There are several questions there, and of course it's a very complicated subject, as the member knows, and he's listed some of those considerations.
One is, of course, that the best way forward is still through negotiations at the WTO. We still believe that the best way forward is a multilateral deal that will bring domestic subsidies down and pry open market access through reducing tariff and non-tariff barriers to trade. So that's still the best way forward. Farmers then can get their value from the marketplace, as the member has often said and written about, and that is ideal.
However, as the member has also noted, right now those negotiations are in hiatus, and who knows when they're going to get going? So it's a big concern to us and has spawned other actions on the government's behalf, including statements and commitments by the Minister of International Trade to start moving aggressively on bilateral agreements, which are a sorry second best, but something we do have to move on.
On the issue of cost of production guarantees, what I have said in the past and I still believe is true is that if we in Canada were to try to move to a U.S.-type system, where they basically spend approximately 90% of their subsidies on five basic products, I just don't think Canada can afford it. The costs would be astronomical here in Canada. We export, of course, a far greater proportion of our product than the Americans do percentage-wise, and also their programming is targeted only for five product lines, so I'm not sure what we would say to the rest of the industry that we currently support--everybody from hogs, and beef, and horticulture, and you name it--who currently receive some benefits from our list of programming, which under an American system would be cut completely out.
Someone was telling me just earlier today that even in the United States they're now looking at options. Apparently the corn growers down there are even, for example, suggesting that they actually should move toward a margin-based program. They want a commodity-by-commodity program to change.
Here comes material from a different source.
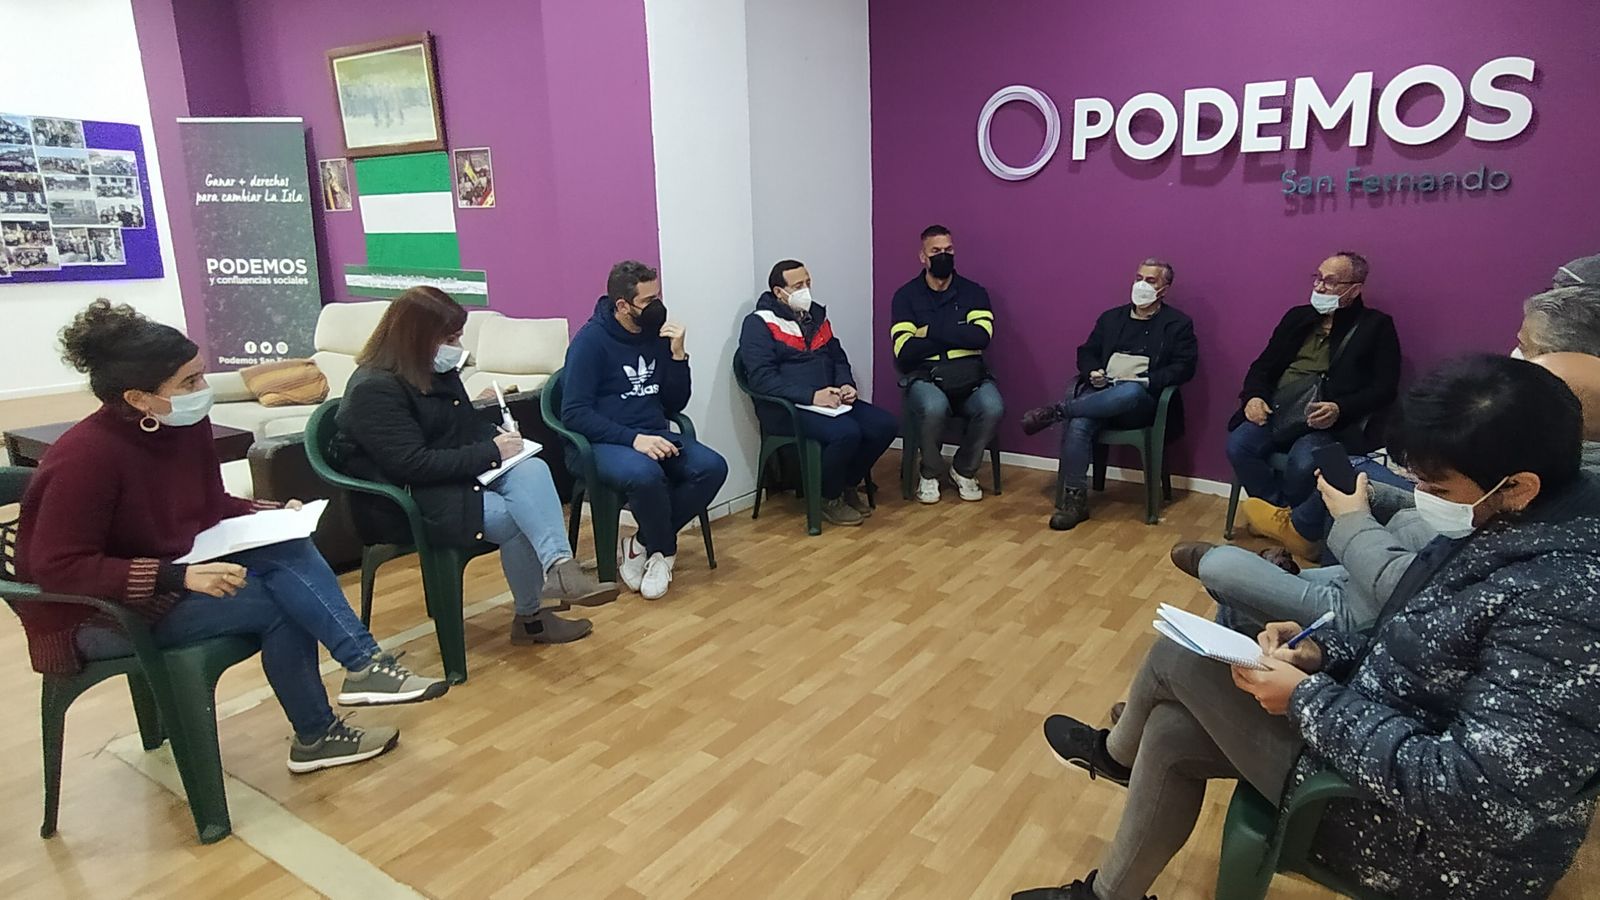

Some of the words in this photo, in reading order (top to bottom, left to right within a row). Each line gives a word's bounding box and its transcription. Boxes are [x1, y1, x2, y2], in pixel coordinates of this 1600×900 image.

It does seem to me that what we need to do is fix the programming that we have now, which is what we're moving forward on, and also to address, in this upcoming discussion that's going to start this fall, the bigger issues of long-term profitability issues. These issues need to be part of this discussion that's going to start taking place this fall, and so again we have programming that has continued I think to be more responsive, quicker, and there's more of it certainly, but it is my belief that a cost of production programming equivalent to that in the United States won't get the job done in Canada. Our situation is different and it's not affordable, would be countervailable, and is not in the best long-term interest of our industry.